ACTIVITY:
A word-for-word copy of the entries, with the images left out, is what you should write.

DATA TO PROCESS:
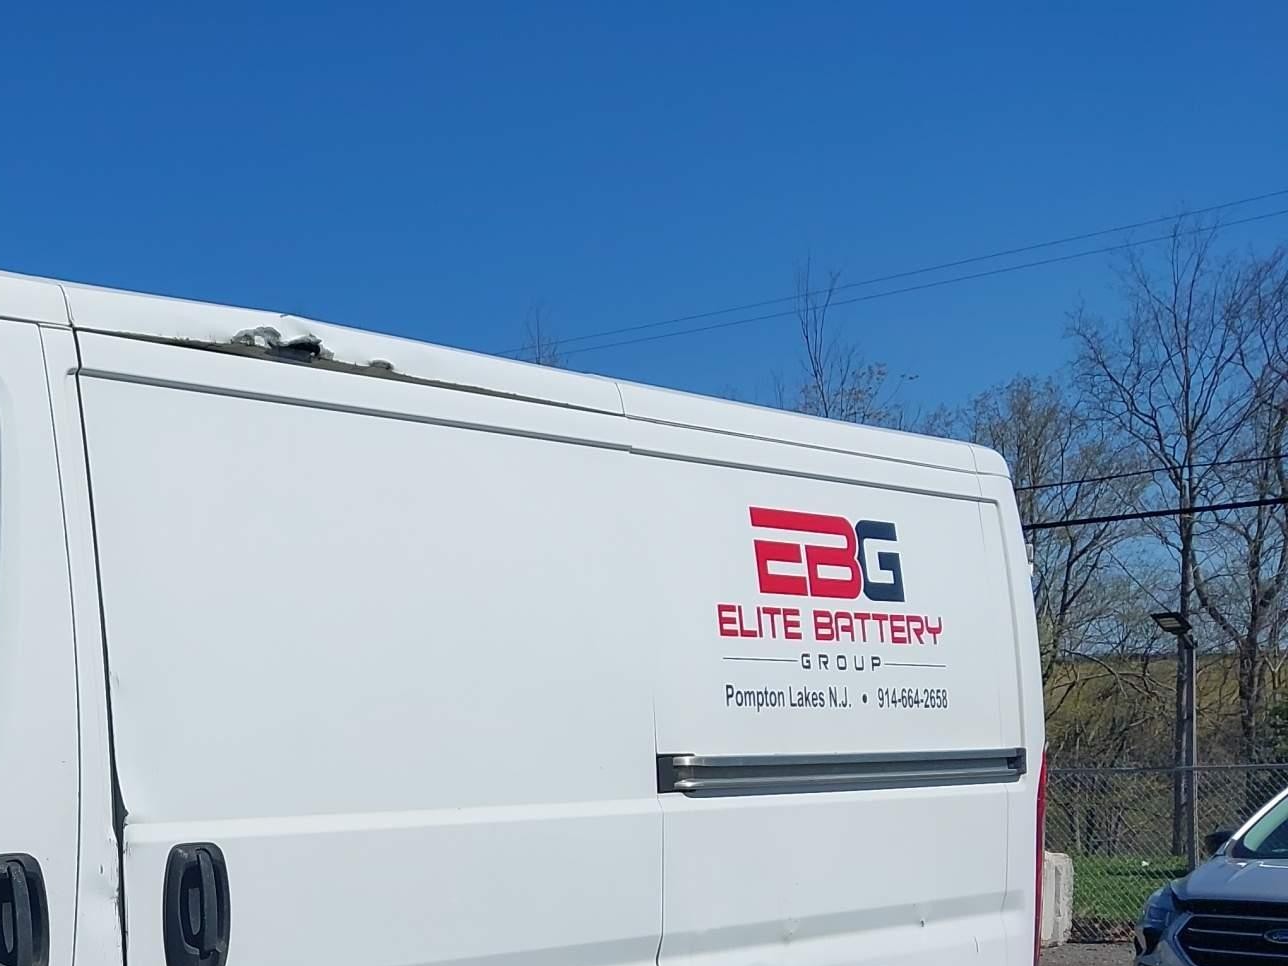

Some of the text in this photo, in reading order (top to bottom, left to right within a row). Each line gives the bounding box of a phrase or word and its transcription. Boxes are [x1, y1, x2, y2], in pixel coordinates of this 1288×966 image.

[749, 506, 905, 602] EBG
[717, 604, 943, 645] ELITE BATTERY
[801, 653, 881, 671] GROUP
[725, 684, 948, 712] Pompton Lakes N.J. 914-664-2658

ANSWER TO THIS PROBLEM:
Some of the text in this photo, in reading order (top to bottom, left to right within a row). Each line gives the bounding box of a phrase or word and its transcription. Boxes are [x1, y1, x2, y2], in pixel coordinates of this 1288×966 image.

[749, 506, 905, 602] EBG
[717, 604, 943, 645] ELITE BATTERY
[801, 653, 881, 671] GROUP
[725, 684, 948, 712] Pompton Lakes N.J. 914-664-2658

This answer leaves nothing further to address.